**Task objective:**
The finished copy should match every record exactly and contain no pictures.

**Data records:**
- - -
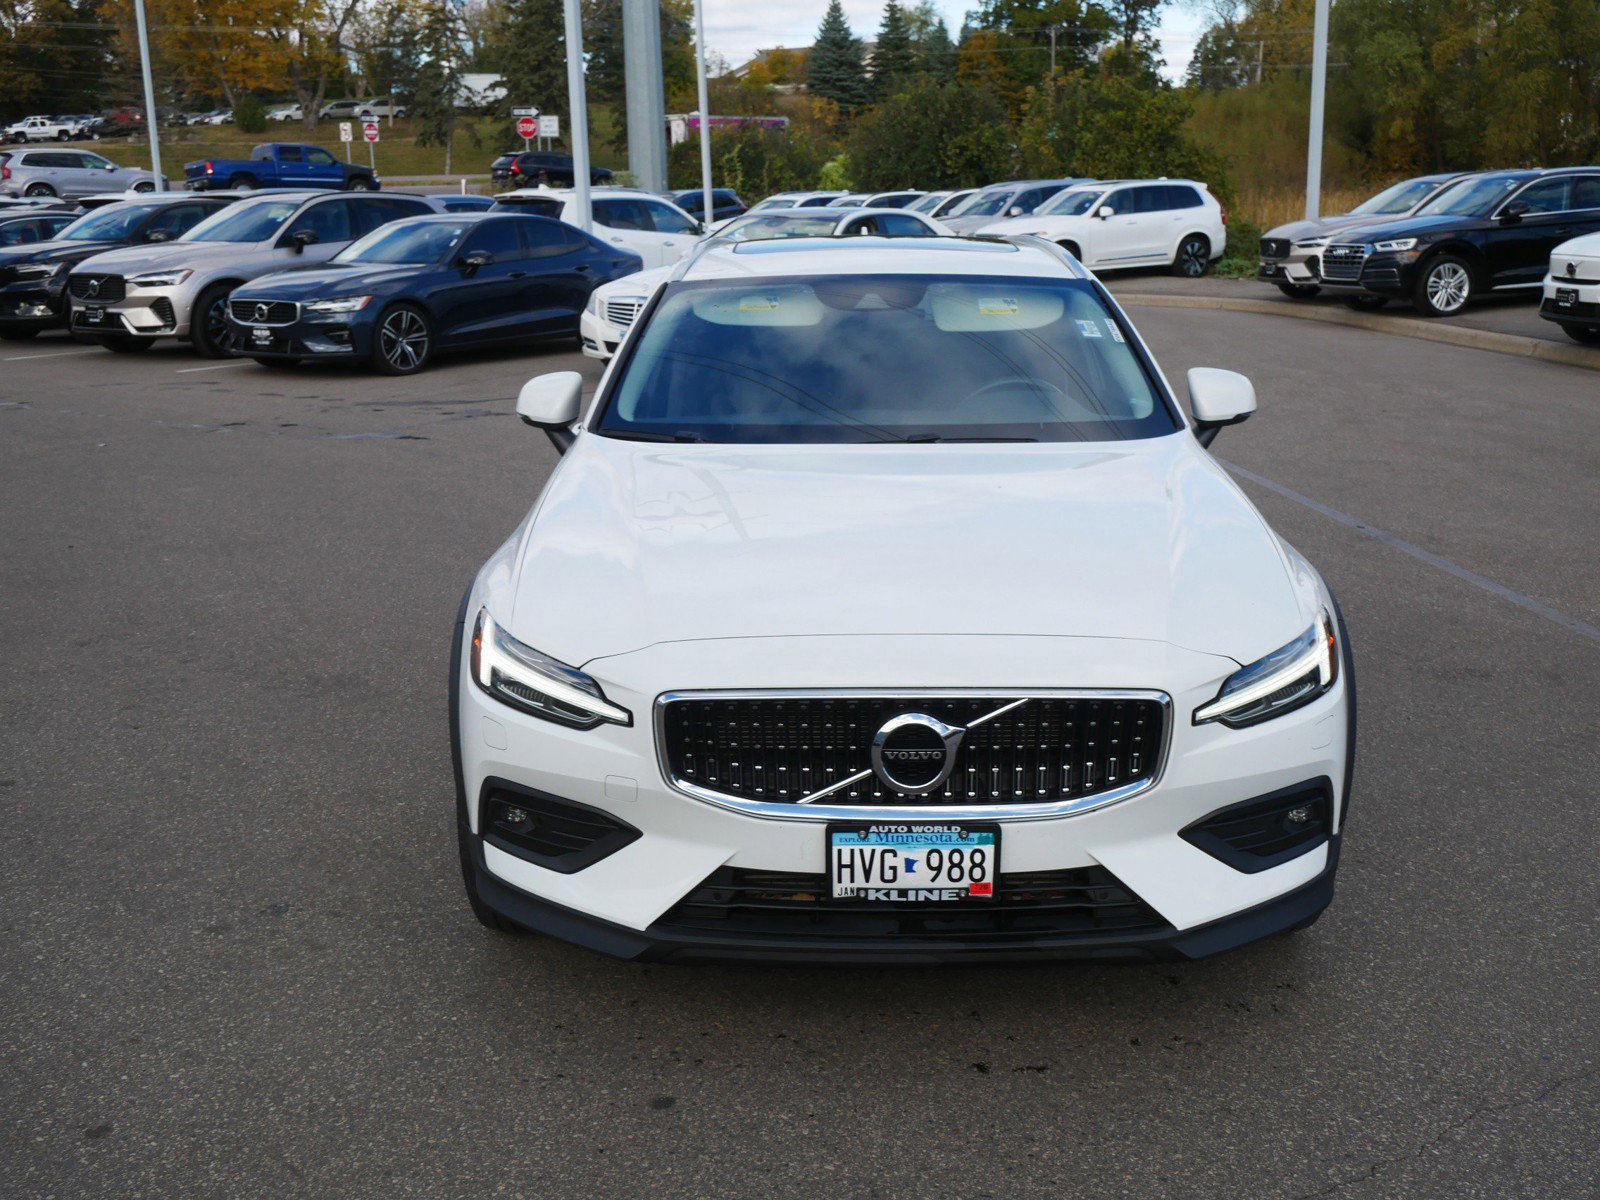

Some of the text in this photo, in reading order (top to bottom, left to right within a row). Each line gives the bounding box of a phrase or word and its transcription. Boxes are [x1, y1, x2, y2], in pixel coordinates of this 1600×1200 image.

[518, 123, 537, 132] STOP
[884, 751, 942, 760] VOLVO
[869, 825, 961, 833] AUTO WORLD
[837, 848, 986, 884] HVG 988
[837, 886, 855, 897] JAN
[867, 889, 960, 901] KLINE
- - -
**Solution to this problem:**
Some of the text in this photo, in reading order (top to bottom, left to right within a row). Each line gives the bounding box of a phrase or word and its transcription. Boxes are [x1, y1, x2, y2], in pixel coordinates of this 1600×1200 image.

[518, 123, 537, 132] STOP
[884, 751, 942, 760] VOLVO
[869, 825, 961, 833] AUTO WORLD
[837, 848, 986, 884] HVG 988
[837, 886, 855, 897] JAN
[867, 889, 960, 901] KLINE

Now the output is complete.